* Instructions for the task:
When you write out the listing, keep each word exactly as it stands but include none of its images.

* Materials provided:
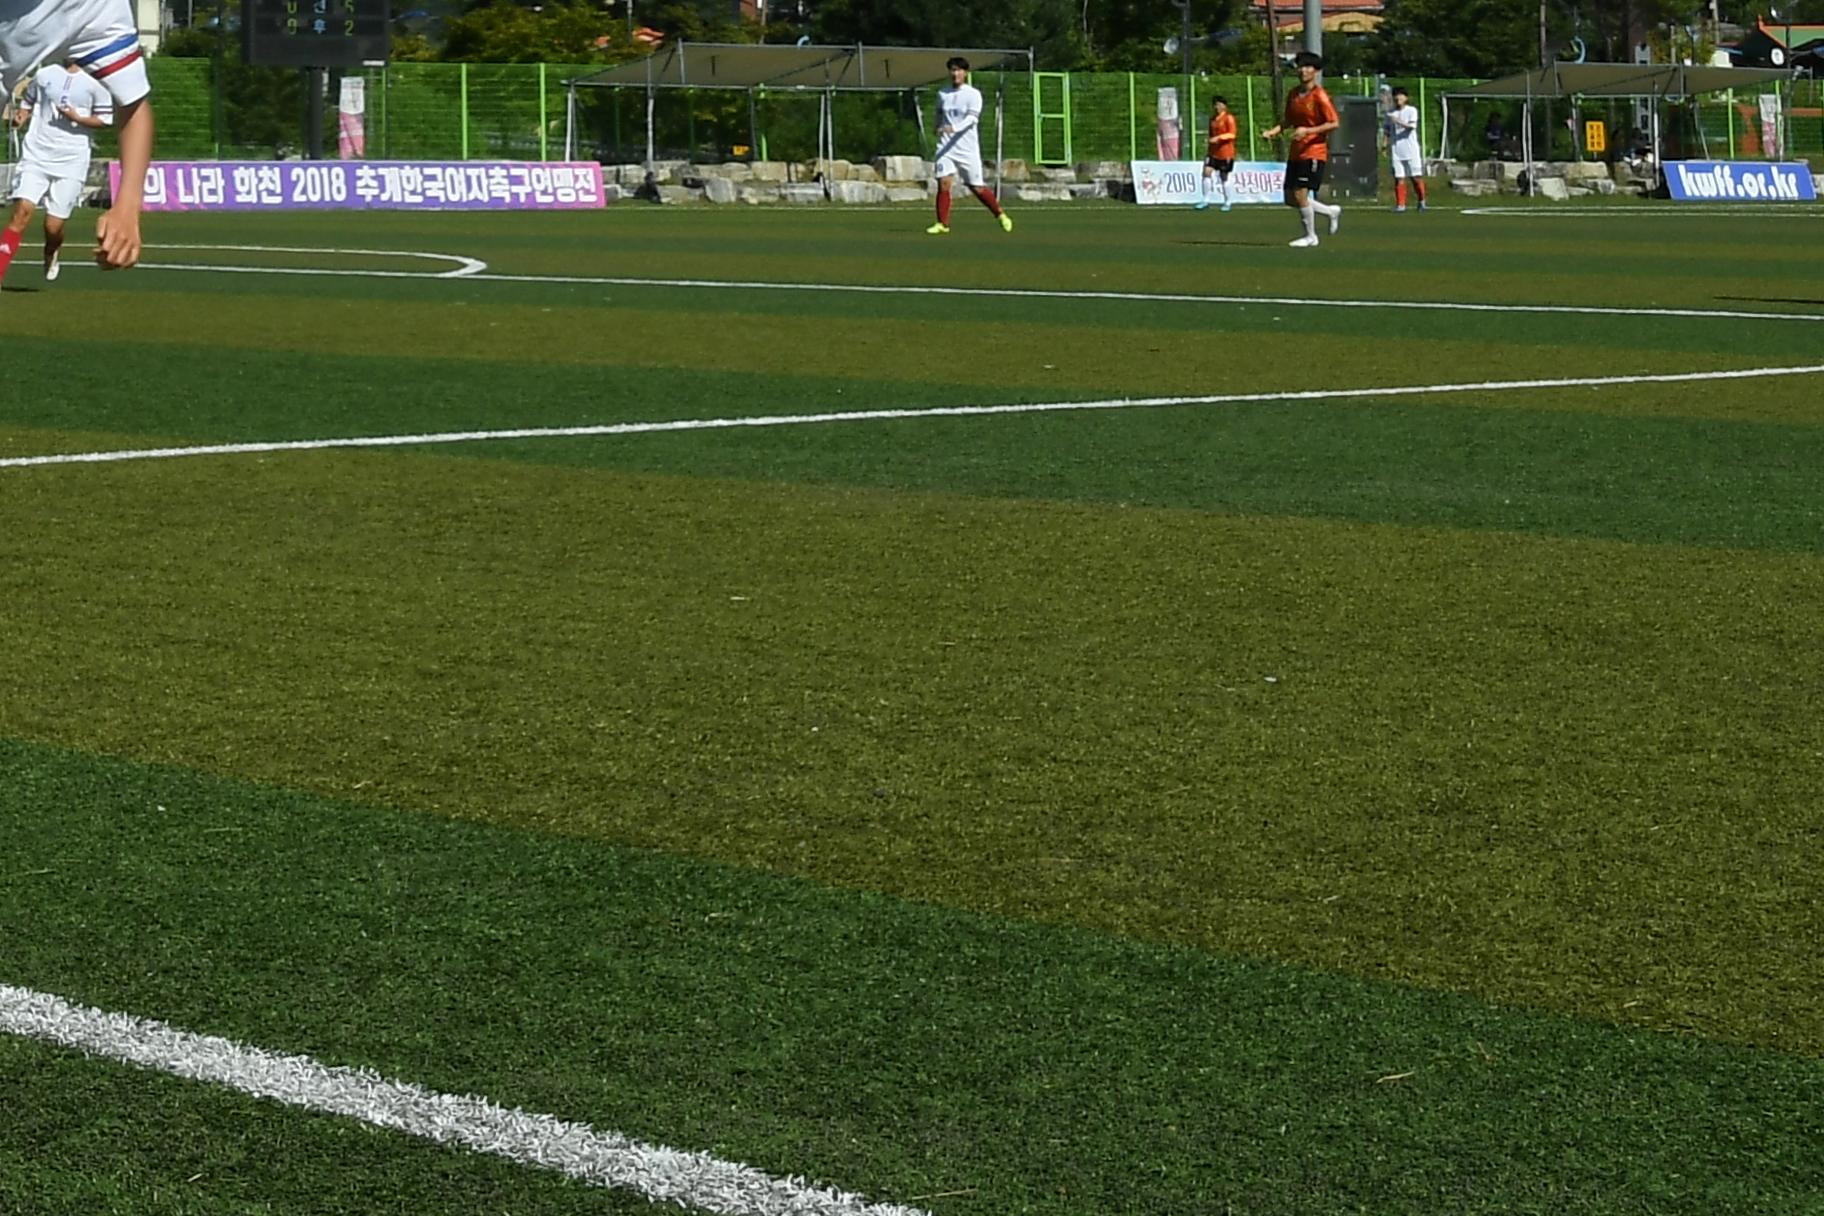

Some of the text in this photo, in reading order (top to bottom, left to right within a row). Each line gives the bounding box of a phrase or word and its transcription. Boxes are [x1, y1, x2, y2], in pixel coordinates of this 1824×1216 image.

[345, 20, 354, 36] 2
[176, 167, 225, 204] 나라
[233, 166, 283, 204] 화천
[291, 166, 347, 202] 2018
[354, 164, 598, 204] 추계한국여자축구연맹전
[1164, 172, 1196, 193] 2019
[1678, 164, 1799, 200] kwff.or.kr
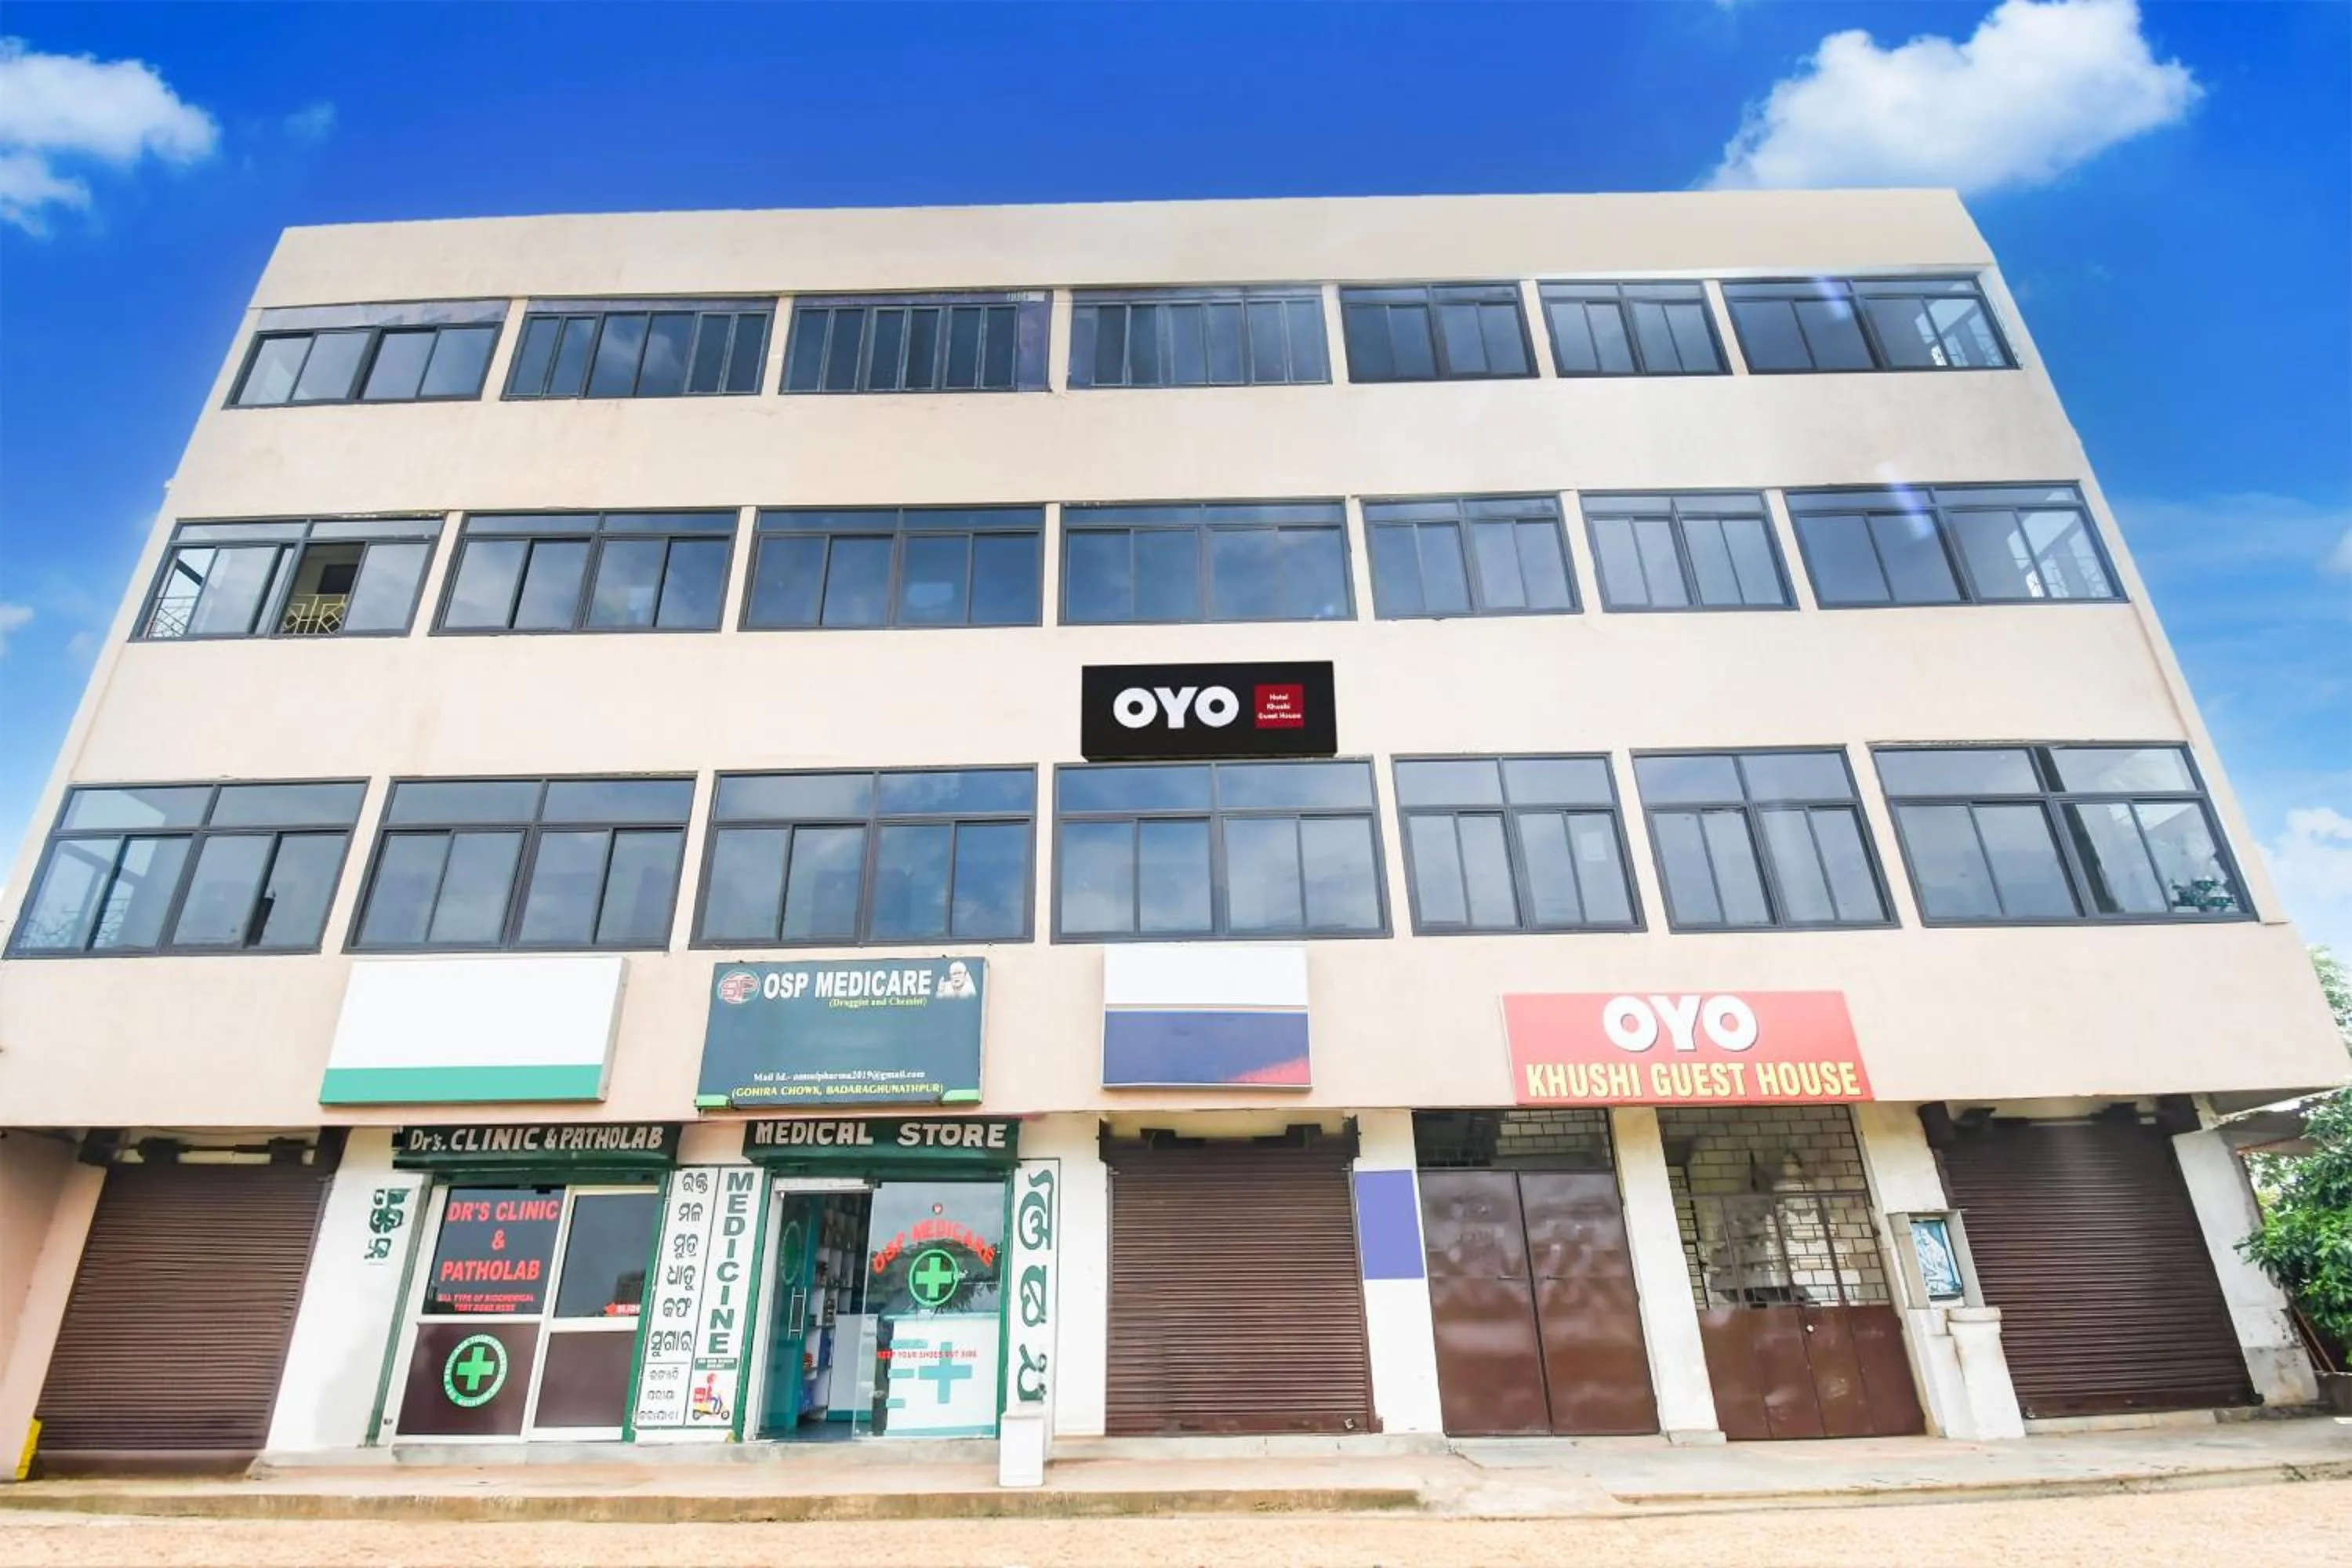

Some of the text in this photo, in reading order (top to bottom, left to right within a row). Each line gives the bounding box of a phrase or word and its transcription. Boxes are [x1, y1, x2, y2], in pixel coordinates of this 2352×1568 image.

* Your solution:
Some of the text in this photo, in reading order (top to bottom, left to right within a row). Each line gives the bounding box of a phrase or word and its transcription. Boxes are [x1, y1, x2, y2], in pixel coordinates of this 1824×1216 image.

[345, 20, 354, 36] 2
[176, 167, 225, 204] 나라
[233, 166, 283, 204] 화천
[291, 166, 347, 202] 2018
[354, 164, 598, 204] 추계한국여자축구연맹전
[1164, 172, 1196, 193] 2019
[1678, 164, 1799, 200] kwff.or.kr

Some of the text in this photo, in reading order (top to bottom, left to right within a row). Each line gives the bounding box of a phrase or word and its transcription. Boxes are [x1, y1, x2, y2], in pixel coordinates of this 2352×1568 image.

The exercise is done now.